In a similar way, St. Paul in his letter to the Corinthians responds to this question concerning the nature of the risen body. "Someone may say, 'How are the dead raised? With what kind of body will they come back?' It (the body) is sown corruptible; it is raised incorruptible. It is sown dishonorable; it is raised glorious. It is sown weak; it is raised powerful. It is sown a natural body; it is raised a spiritual body." (1 Corinthians 15: 35, 42-44a)
We know, then what this resurrected body is not. But what actually are we saying in our belief in the resurrection of the body. What is a spiritual body like? Why is it that we cannot receive this "spiritual body" immediately upon our death? Why do we have to wait until the last day? What kind of a life does a "disembodied soul" have anyway?

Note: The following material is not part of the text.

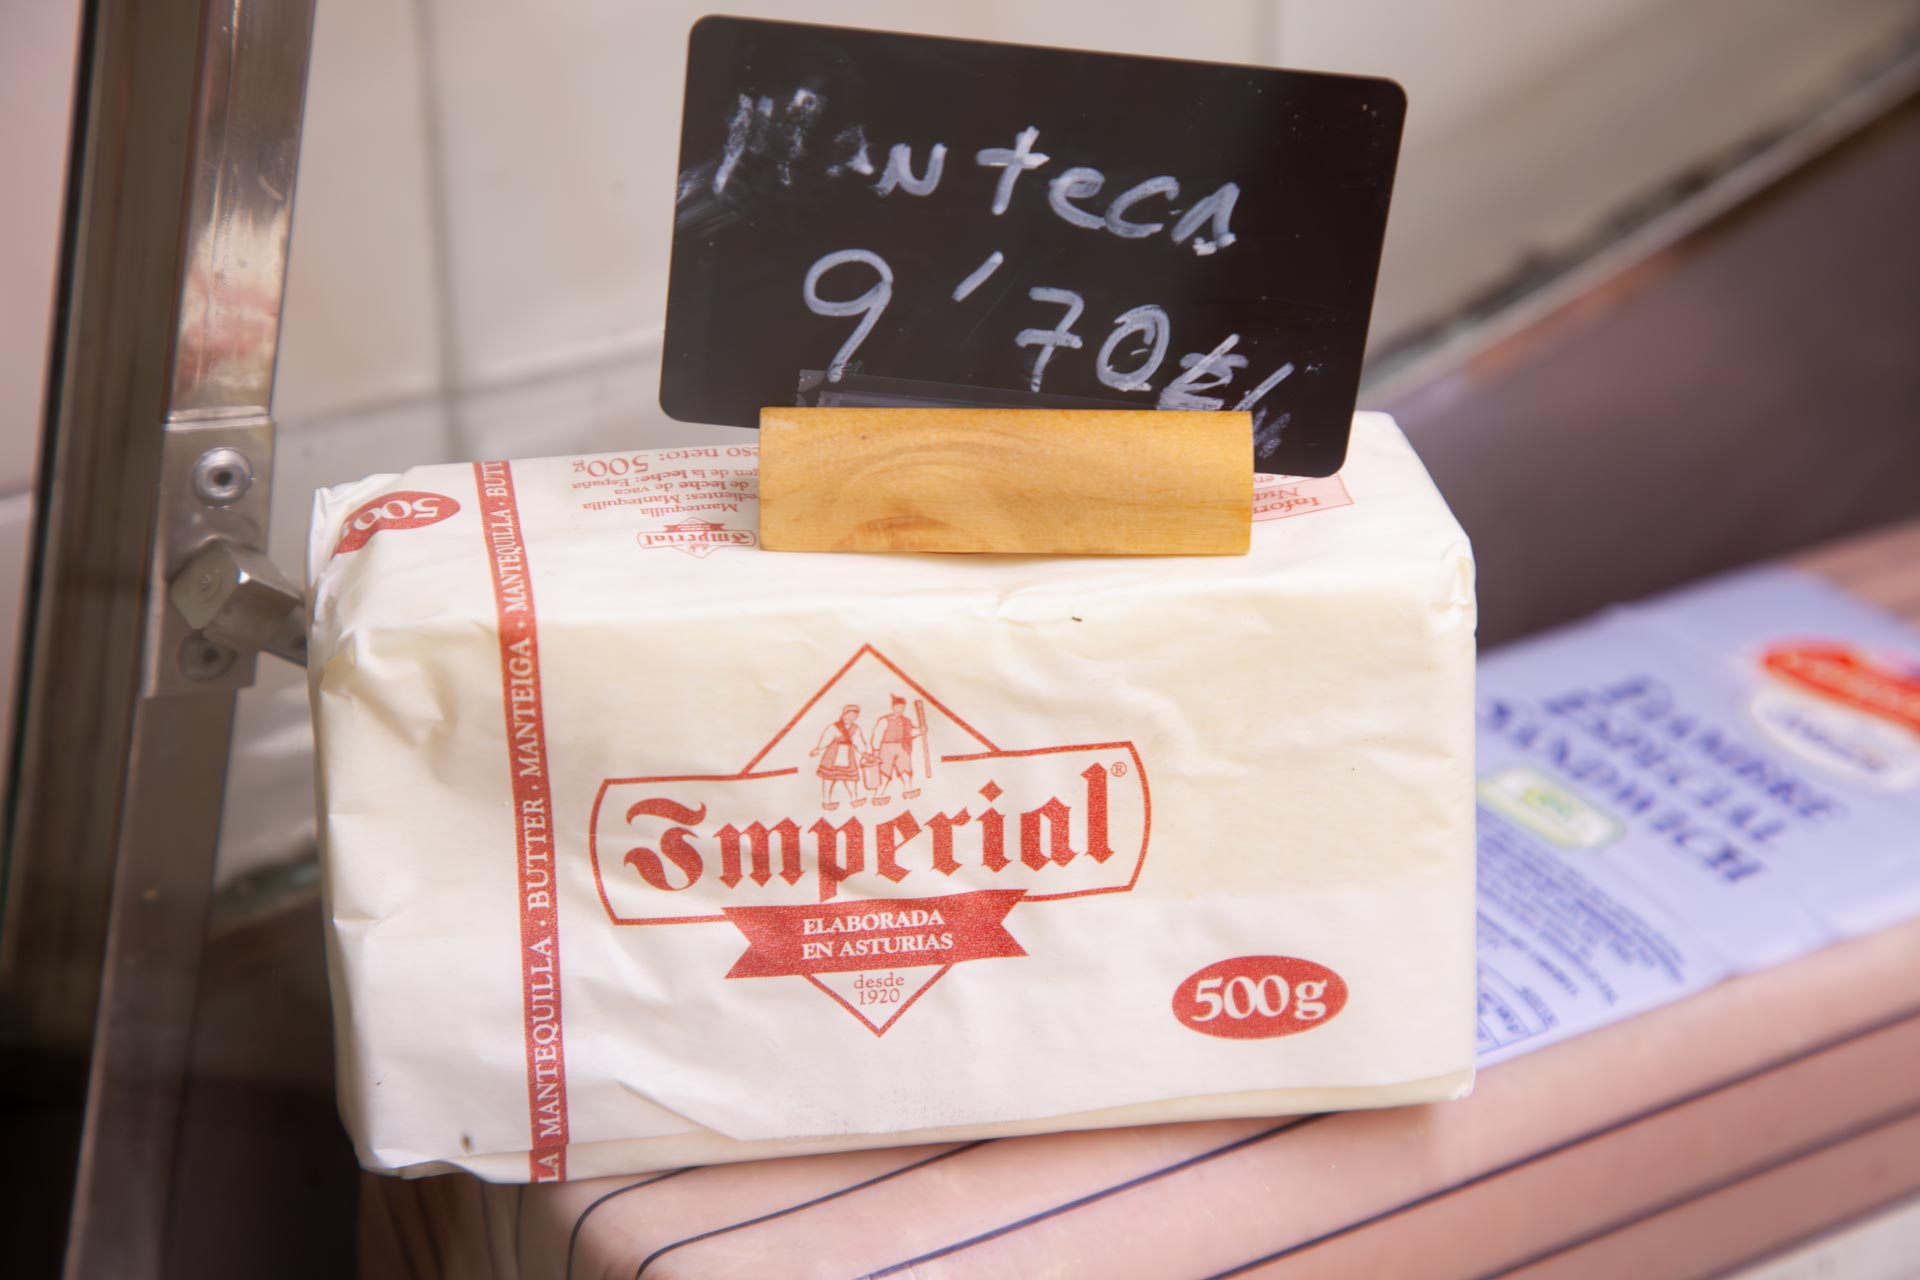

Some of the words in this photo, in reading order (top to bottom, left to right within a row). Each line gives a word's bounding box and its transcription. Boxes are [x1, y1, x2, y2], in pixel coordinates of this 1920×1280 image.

I believe to grasp the full meaning of what is professed in the creed, we need to understand how the concept of "body" was understood by Jewish people as well as by the Greeks who tried to "translate" this concept into their own language. However, before we enter into the understanding of ancient cultures, it might be best for us to first put to question our own concept of the body. What do we mean when we use the word "body"? I think that the most operative model that governs our popular understanding of this word is the concept of a large complex machine, such as a crane. The crane is an instrument that is governed by the operator at the helm with all of the levers and throttles at his or her command. The crane does what the operator tells the crane to do. But there is a clear distinction between operator and crane. In a similar manner, most of us look at our bodies as animated by the soul or the mind. This principle of animation governs the working of the body. When the body breaks down irreparably, the soul leaves the body for it no longer has any use for it. Even our language of possession most aptly fits this understanding of a body -- I have a body or I have no further need of a body. In any case, the "I" (crane operator) is distinct from the body (the crane) which is owned and used and eventually discarded.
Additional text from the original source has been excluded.